Our wholesale unit sales increased 5% compared with the second quarter
of fiscal 2009. While our appraisal traffic improved from the first
quarter, it remained significantly below the prior year’s second
quarter. However, we experienced a substantial improvement in our
appraisal buy rate, which more than offset the lower appraisal traffic.
We believe the strong industry wholesale pricing environment and the
resulting increases in our appraisal offers, together with the increased
percentage of motivated buyers, had a favorable effect on the buy rate.
Gross Profit. Total gross
profit increased 23% to $314.5 million from $255.9 million in the second
quarter of fiscal 2009, reflecting the combination of the increase in
unit sales plus an improvement in total gross profit dollars per retail
unit, which increased $363 per unit to $3,116 in the current quarter
from $2,753 in the corresponding prior year quarter.

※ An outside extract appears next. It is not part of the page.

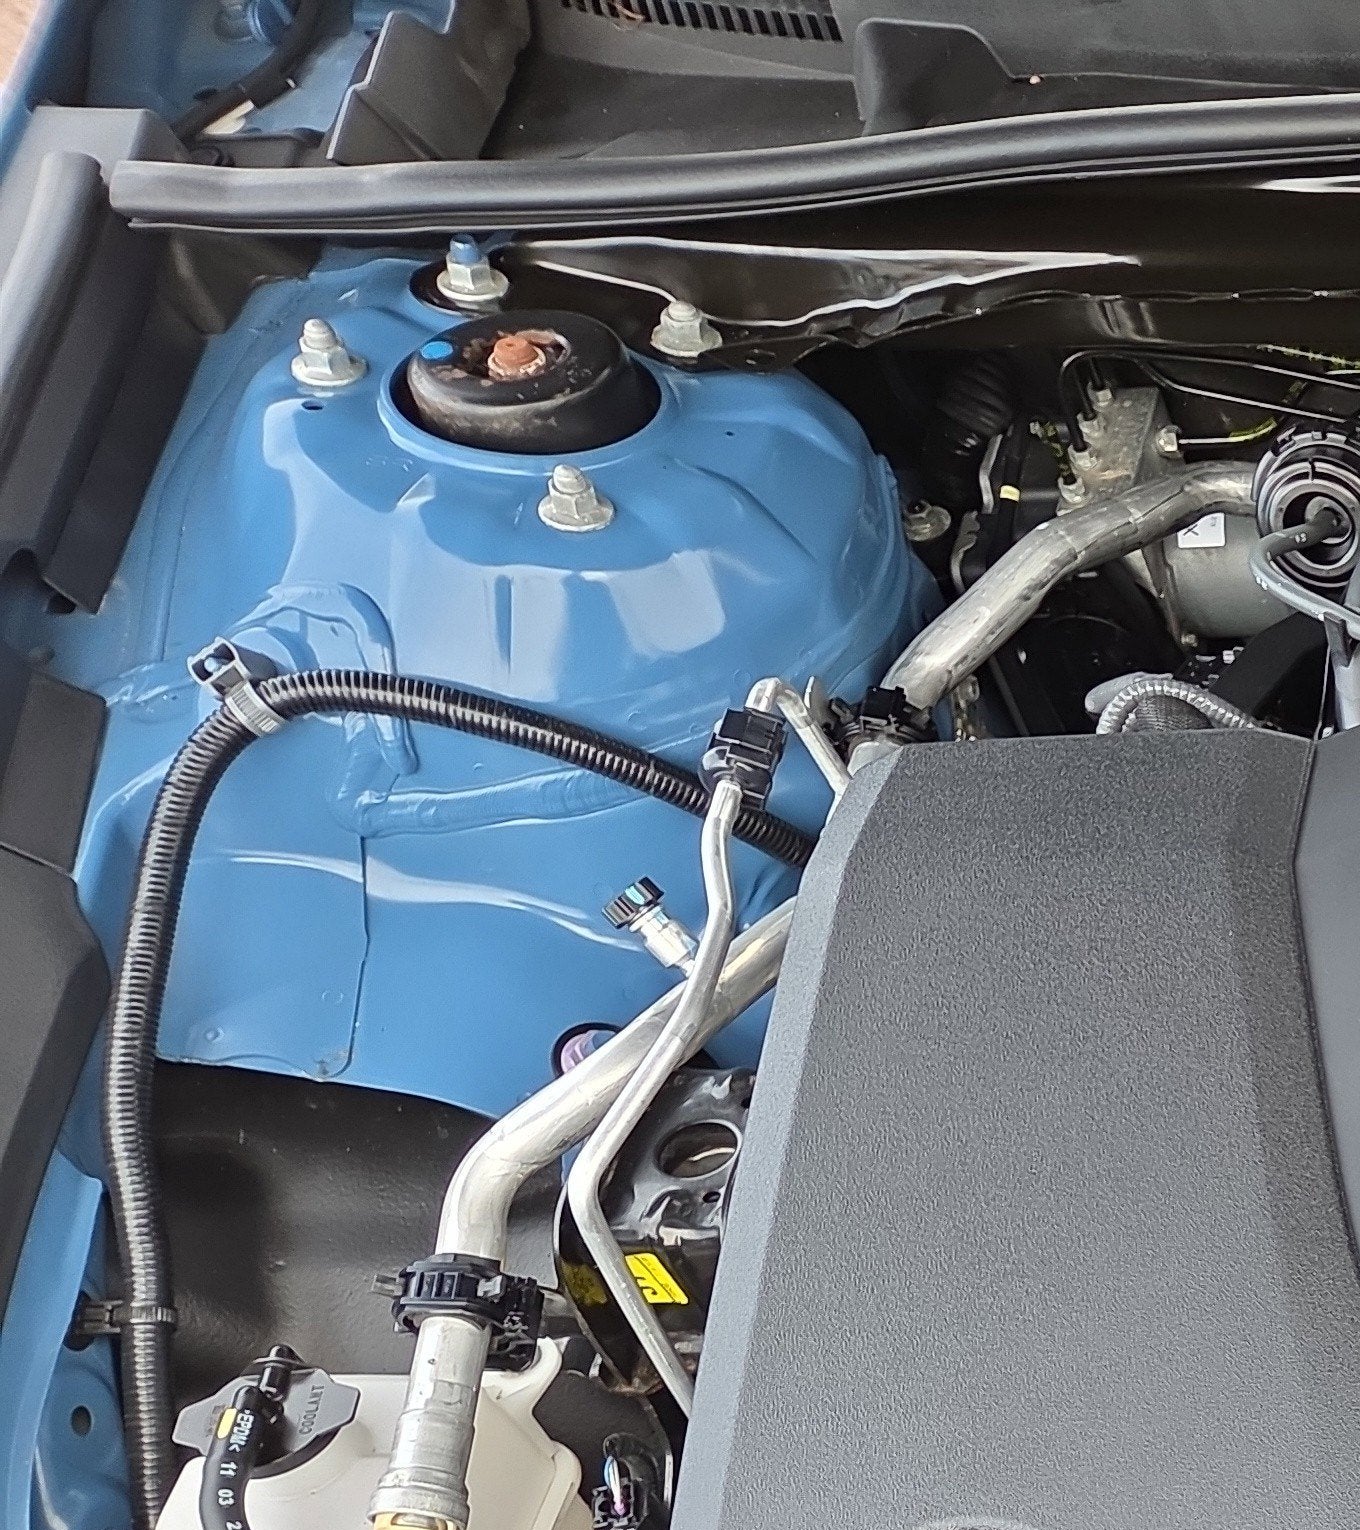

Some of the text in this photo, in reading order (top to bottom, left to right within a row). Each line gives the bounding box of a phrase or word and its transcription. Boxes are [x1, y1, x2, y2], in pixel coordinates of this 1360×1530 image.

Used vehicle gross profit increased to $2,120 per unit from $1,870 per
unit in the prior year quarter. The improvement resulted from a
combination of factors, including the continued appreciation in used car
wholesale values since January 2009, an increase in our inventory turns
and the robust sales environment experienced in the quarter.

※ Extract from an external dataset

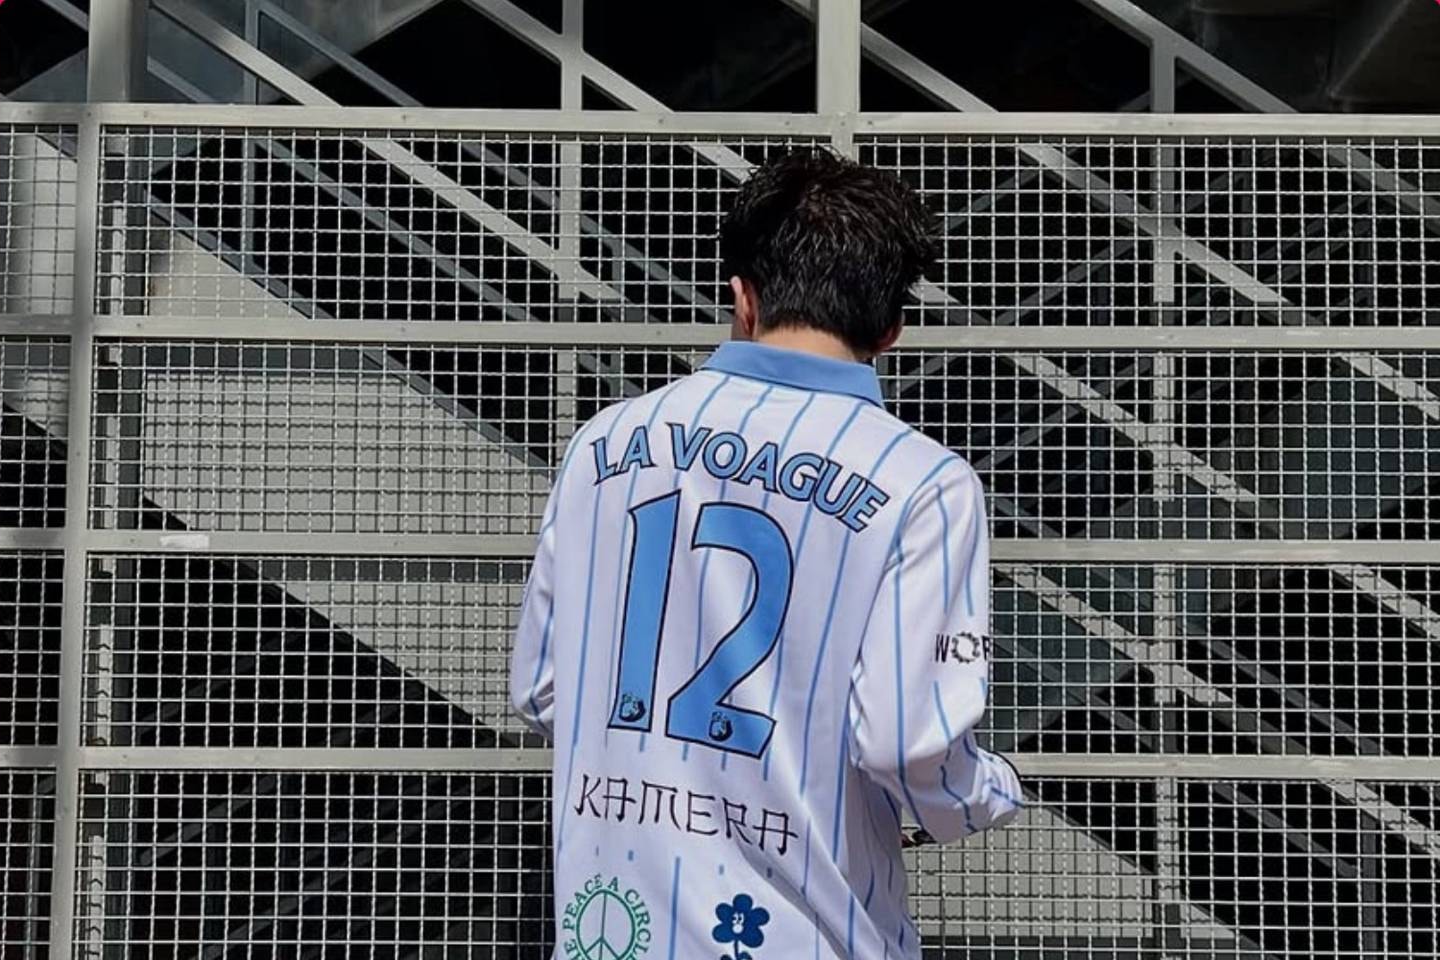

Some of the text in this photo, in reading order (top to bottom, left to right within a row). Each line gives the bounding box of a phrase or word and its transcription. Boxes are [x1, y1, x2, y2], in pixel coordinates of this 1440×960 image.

Wholesale gross profit per unit declined to $826 in the current quarter,
compared with $897 in the second quarter of last year, primarily
reflecting the challenging comparison with the prior year period. Other
gross profit increased to $551 per unit from $385 per unit in the second
quarter of last year. Service department profits grew because our retail
sales growth outpaced fixed service overhead costs, and extended service
plan profits benefited from the successful introduction of a guaranteed
asset protection product.
CarMax Auto Finance. CAF
reported income of $72.1 million compared with a loss of $7.1 million in
last year’s second quarter. In both periods, CAF results were affected
by adjustments related to loans originated in previous fiscal periods.

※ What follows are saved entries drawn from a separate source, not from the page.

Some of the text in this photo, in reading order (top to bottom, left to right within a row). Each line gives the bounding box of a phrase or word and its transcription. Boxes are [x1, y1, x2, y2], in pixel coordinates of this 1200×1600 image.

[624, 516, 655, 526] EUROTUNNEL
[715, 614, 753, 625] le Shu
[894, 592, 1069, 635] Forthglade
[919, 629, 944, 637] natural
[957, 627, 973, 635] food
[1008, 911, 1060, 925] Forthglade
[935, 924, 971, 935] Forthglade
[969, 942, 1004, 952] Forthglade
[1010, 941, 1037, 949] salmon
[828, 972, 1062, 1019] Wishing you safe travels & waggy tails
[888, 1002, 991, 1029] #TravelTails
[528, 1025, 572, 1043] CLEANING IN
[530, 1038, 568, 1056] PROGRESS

In the second quarter of fiscal 2010, the adjustments increased CAF
income by $36.2 million and they included:
-
$28.5 million of favorable mark-to-market adjustments on retained
subordinated bonds. As of August 31, 2009, the retained subordinated
bonds had a fair value of $219.7 million.
-
A $5.6 million benefit related to modestly more favorable funding
terms and costs for the $636.0 million of auto loan receivables that
were funded in the warehouse facility at the start of the second
quarter.
-
$2.0 million of other net favorable adjustments, including decreases
in prepayment speed assumptions, partially offset by modest changes in
cumulative net loss rate assumptions on select pools of loans.
In the second quarter of last year, the adjustments reduced CAF income
by $28.2 million, which included $15.7 million related to increases in
cumulative net loss rate assumptions, $7.7 million of mark-to-market
write-downs and $4.1 million resulting from an increase in the discount
rate assumption.
Excluding these adjustments from both periods, CAF income increased to
$36.0 million in the second quarter of fiscal 2010 from $21.0 million in
the second quarter of fiscal 2009. CAF’s gain on loans originated and
sold was $19.9 million, or 4.2% of loans originated and sold, in the
current quarter versus $9.4 million, or 1.8%, in the prior year quarter.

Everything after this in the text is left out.